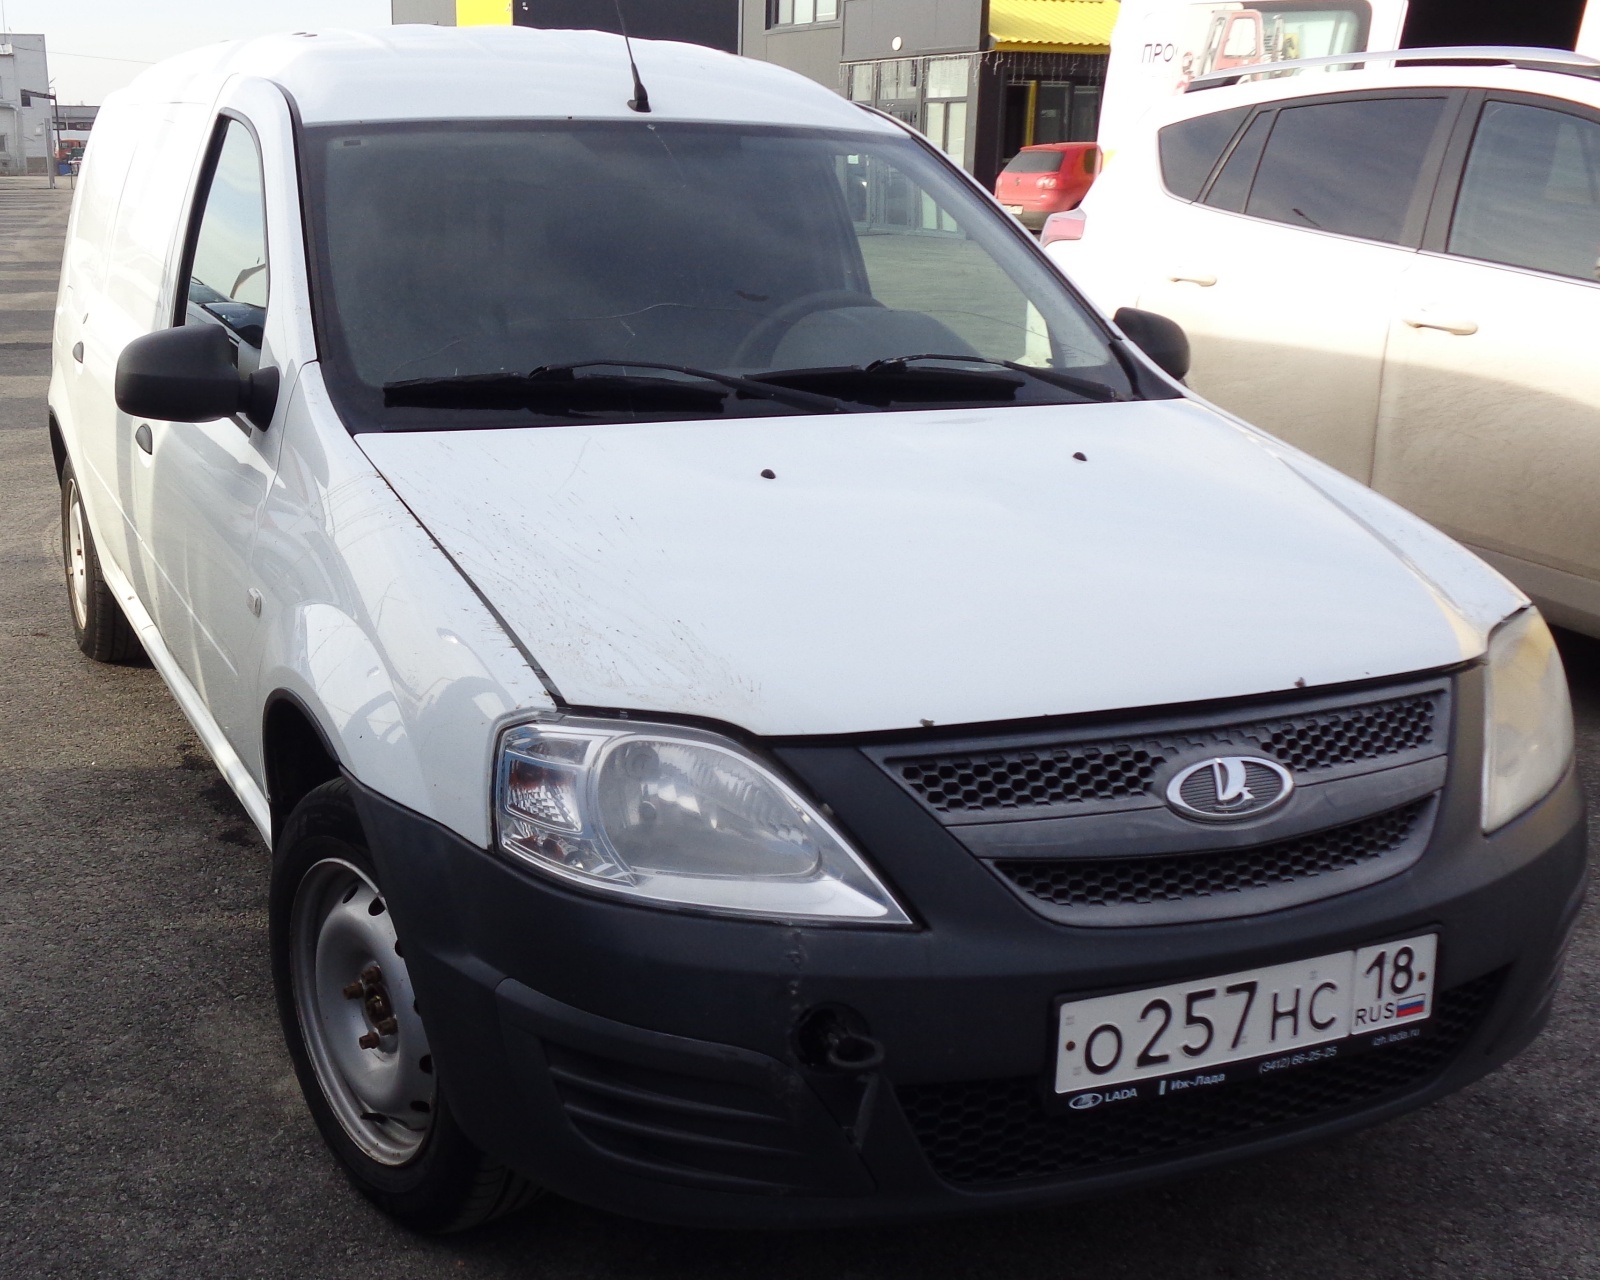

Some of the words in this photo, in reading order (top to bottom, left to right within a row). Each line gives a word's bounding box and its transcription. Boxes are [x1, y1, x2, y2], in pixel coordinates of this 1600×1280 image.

[1141, 43, 1178, 63] ПРО
[1366, 946, 1413, 999] 18
[1355, 1002, 1395, 1027] RUS
[1171, 1072, 1226, 1091] Иж-Лада
[1105, 1087, 1138, 1103] LADA

* [Exercise instructions]
All entries above must be repeated exactly; pictures are to be left out.

* [Answer below]
Some of the words in this photo, in reading order (top to bottom, left to right within a row). Each line gives a word's bounding box and its transcription. Boxes are [x1, y1, x2, y2], in pixel coordinates of this 1600×1280 image.

[1141, 43, 1178, 63] ПРО
[1366, 946, 1413, 999] 18
[1355, 1002, 1395, 1027] RUS
[1171, 1072, 1226, 1091] Иж-Лада
[1105, 1087, 1138, 1103] LADA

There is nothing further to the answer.